C2H4(g) + 3O2(g) -> 2H2O(l) + 2CO2(g)
And the ΔH° = -1401kJ/mol

Calculate the amount of heat liberated when 4.79g of C2H4 react with excess oxygen.

-So first, I adjusted the given standard molar enthalpy change of ethane (by multiplying it by the 4 moles on the product side) in order to include it in the chemical equation:
(-1401kJ/mol)(4mol) = -5604kJ

So the equation would look like the following:
C2H4(g) + 3O2(g) -> 2H2O(l) + 2CO2(g) + 5604kJ

Since there is 1 mole of C2H4 reacting to release 5604kJ of energy, then that means that there are 28.054g of C2H4 reacting (due to its molar mass of 28.054g/mol).

28.054g -> -5406kJ
4.79g -> x
x = -923kJ

So the amount of heat liberated seems to be 923kJ. However in the question, it asks "... with excess oxygen", in which I am unsure of what that means and if it affects the answer that I just obtained. Could you please explain to me why sometimes questions would ask to calculate something when the reaction occurs with a sufficient vs. excess amount of a substance? (Example: "Calculate the amount of heat liberated when 4.79g of C2H4 react with EXCESS oxygen." vs. "Calculate the amount of heat liberated when 4.79g of C2H4 react with SUFFICIENT oxygen." What is the difference?)

Two things.

1. There is no need to multiply by 4. One mole of C2H4 reacts to give -1401 kJ.

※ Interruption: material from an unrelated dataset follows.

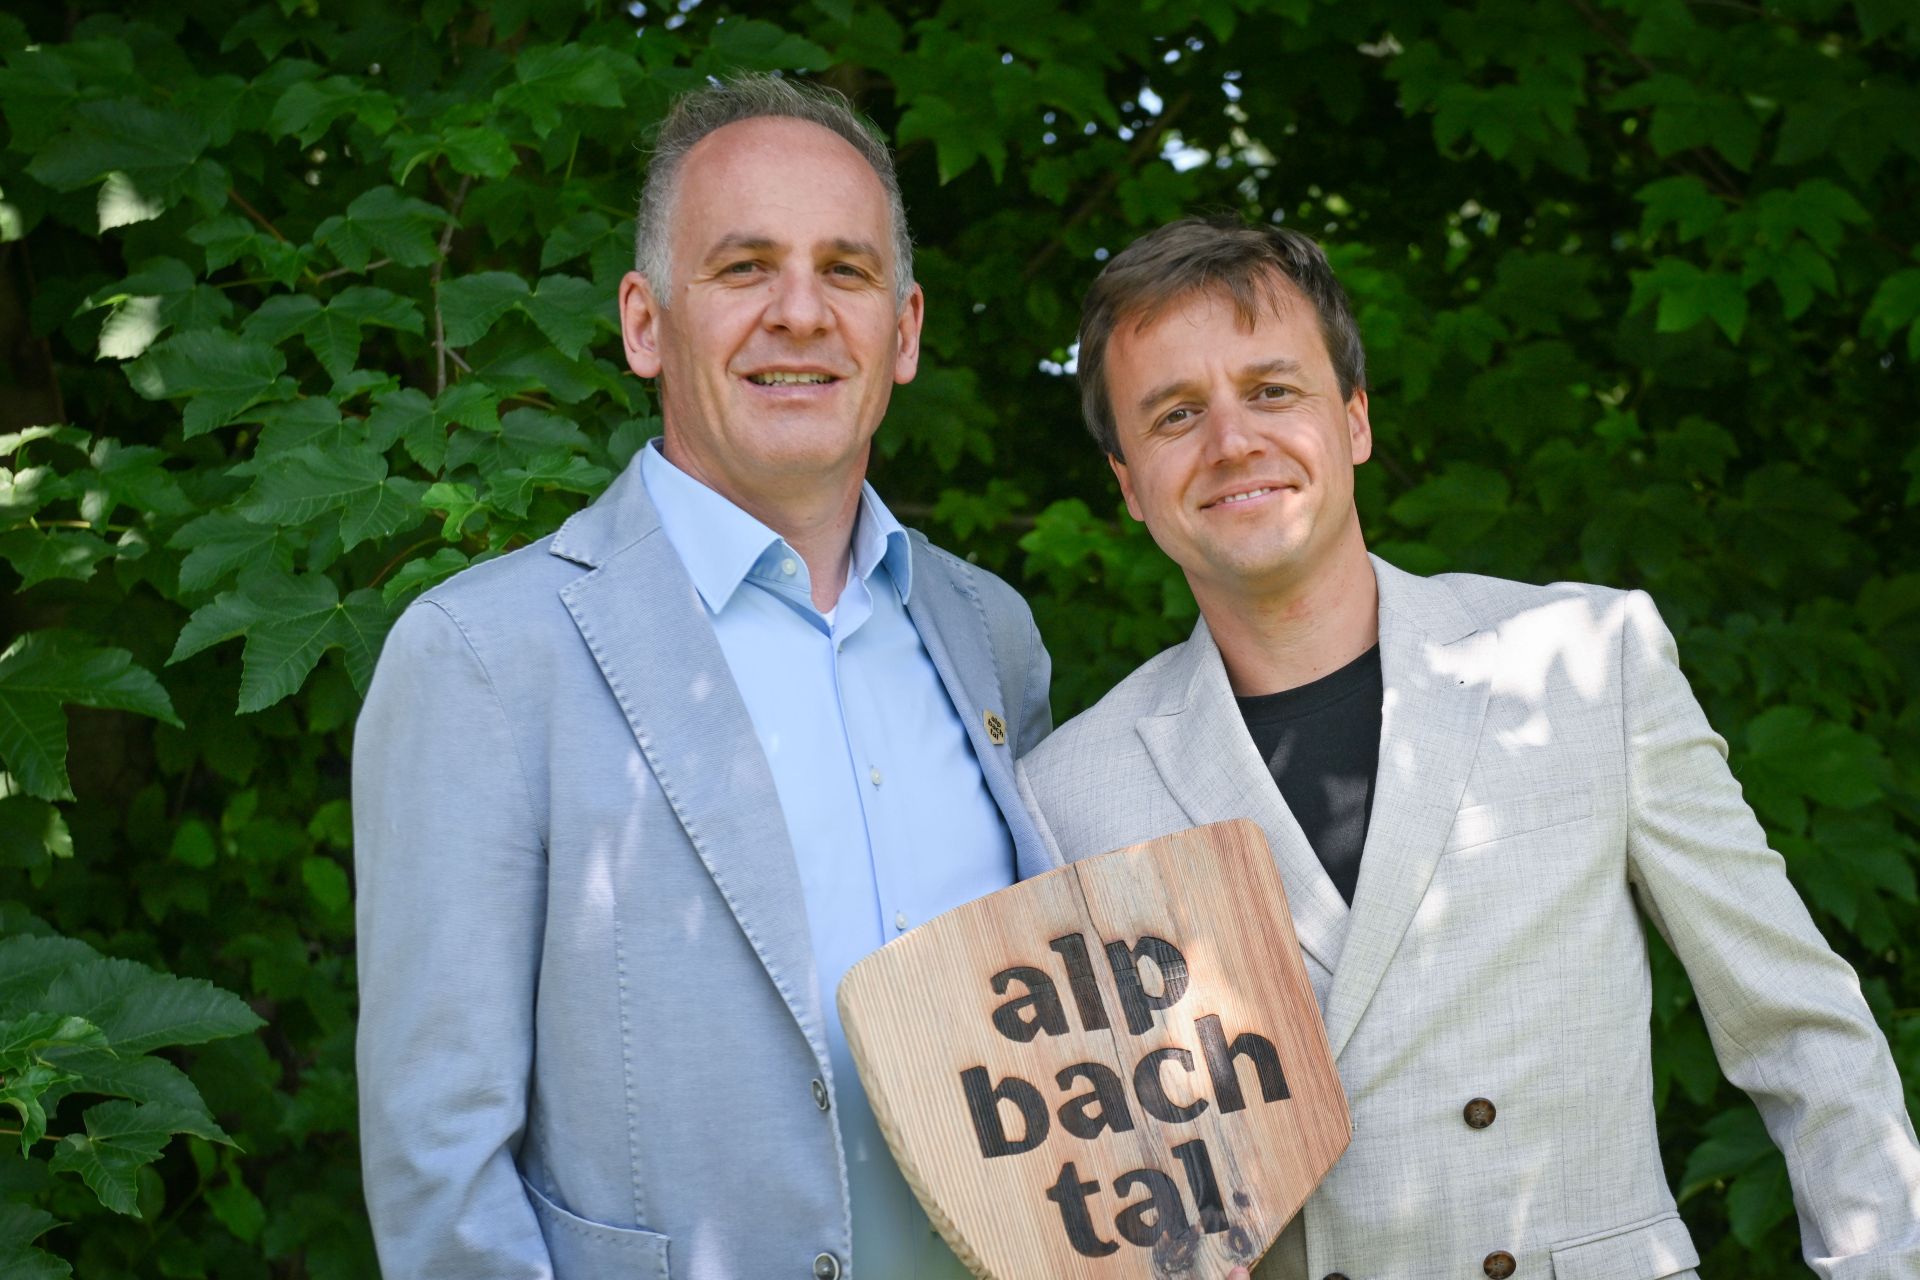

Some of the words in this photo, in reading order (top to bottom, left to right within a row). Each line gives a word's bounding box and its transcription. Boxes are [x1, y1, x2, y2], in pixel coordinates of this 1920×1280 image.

[989, 932, 1189, 1043] alp
[959, 1013, 1292, 1159] bach
[1045, 1138, 1231, 1259] tal

2. In bomb calorimiters it is normal practice to have an excess of O2 in order to ensure complete combustion. It is a practical expedient and does not affect the result. Incomplete combustion would lead to false results. In this instance 'sufficient' and 'excess' mean the same thing that is complete combustion is obtained.

I hope this helps.
Best wishes,
Kevin

---------- FOLLOW-UP ----------

QUESTION: Hi, I am still confused about how to solve problems in which the enthalpy change either is or is not included in the chemical equation. May I ask that you solve (showing all your steps) the following equations:

1) The enthalpy change IS NOT included in the chemical equation...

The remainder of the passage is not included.